> **Assignment**:
Every record below should be repeated exactly. Omit the pictures.

Dataset entries
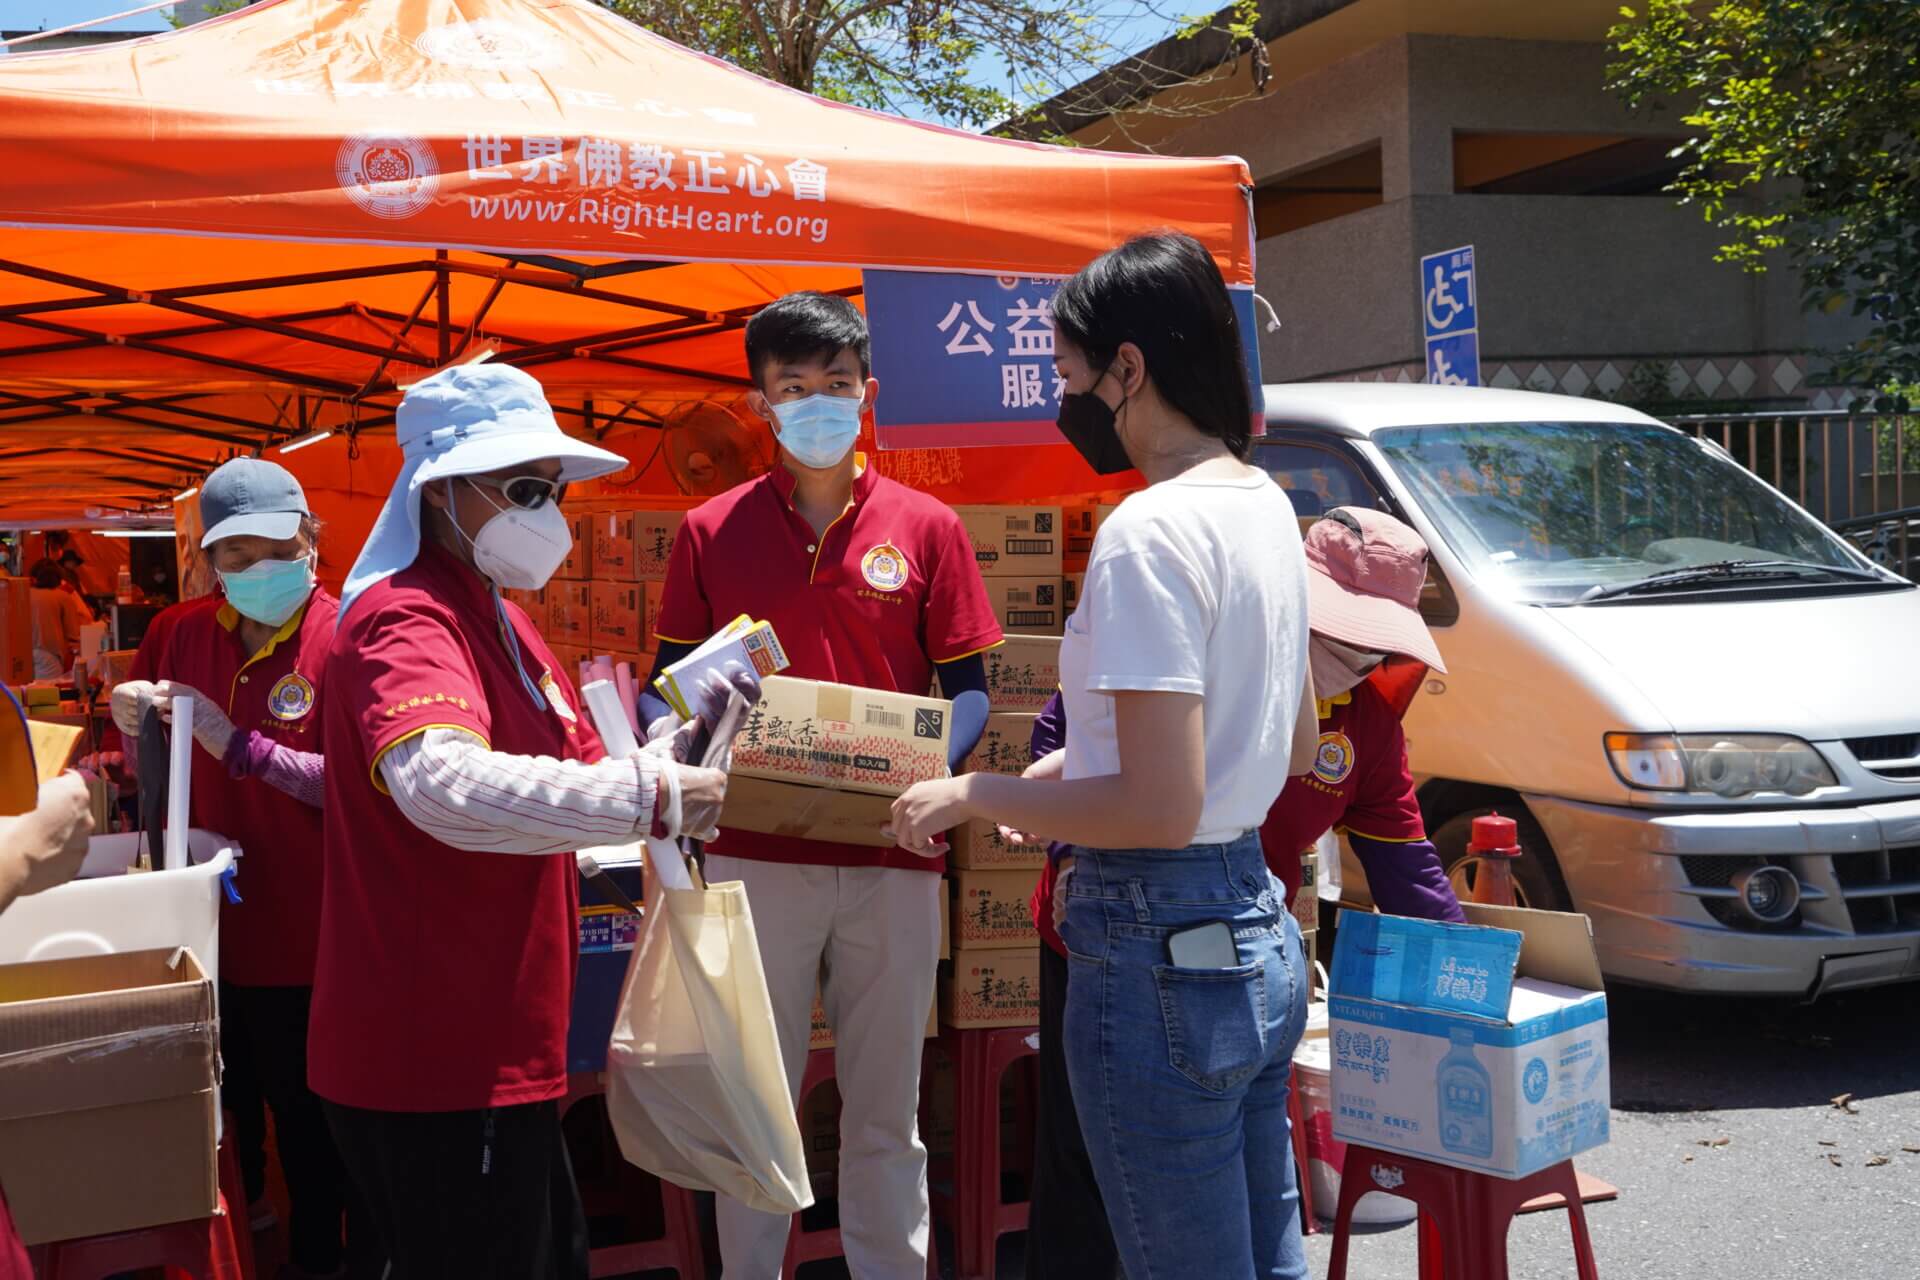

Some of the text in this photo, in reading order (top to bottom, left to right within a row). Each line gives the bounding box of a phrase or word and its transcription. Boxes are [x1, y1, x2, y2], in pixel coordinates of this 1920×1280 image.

[462, 131, 828, 202] 世界佛教正心會
[469, 196, 829, 243] www.RightHeart.org
[936, 297, 1055, 357] 公益
[741, 710, 818, 748] 素飄香
[916, 723, 926, 736] 6
[931, 712, 941, 726] 5

> **Solved problem**:
Some of the text in this photo, in reading order (top to bottom, left to right within a row). Each line gives the bounding box of a phrase or word and its transcription. Boxes are [x1, y1, x2, y2], in pixel coordinates of this 1920×1280 image.

[462, 131, 828, 202] 世界佛教正心會
[469, 196, 829, 243] www.RightHeart.org
[936, 297, 1055, 357] 公益
[741, 710, 818, 748] 素飄香
[916, 723, 926, 736] 6
[931, 712, 941, 726] 5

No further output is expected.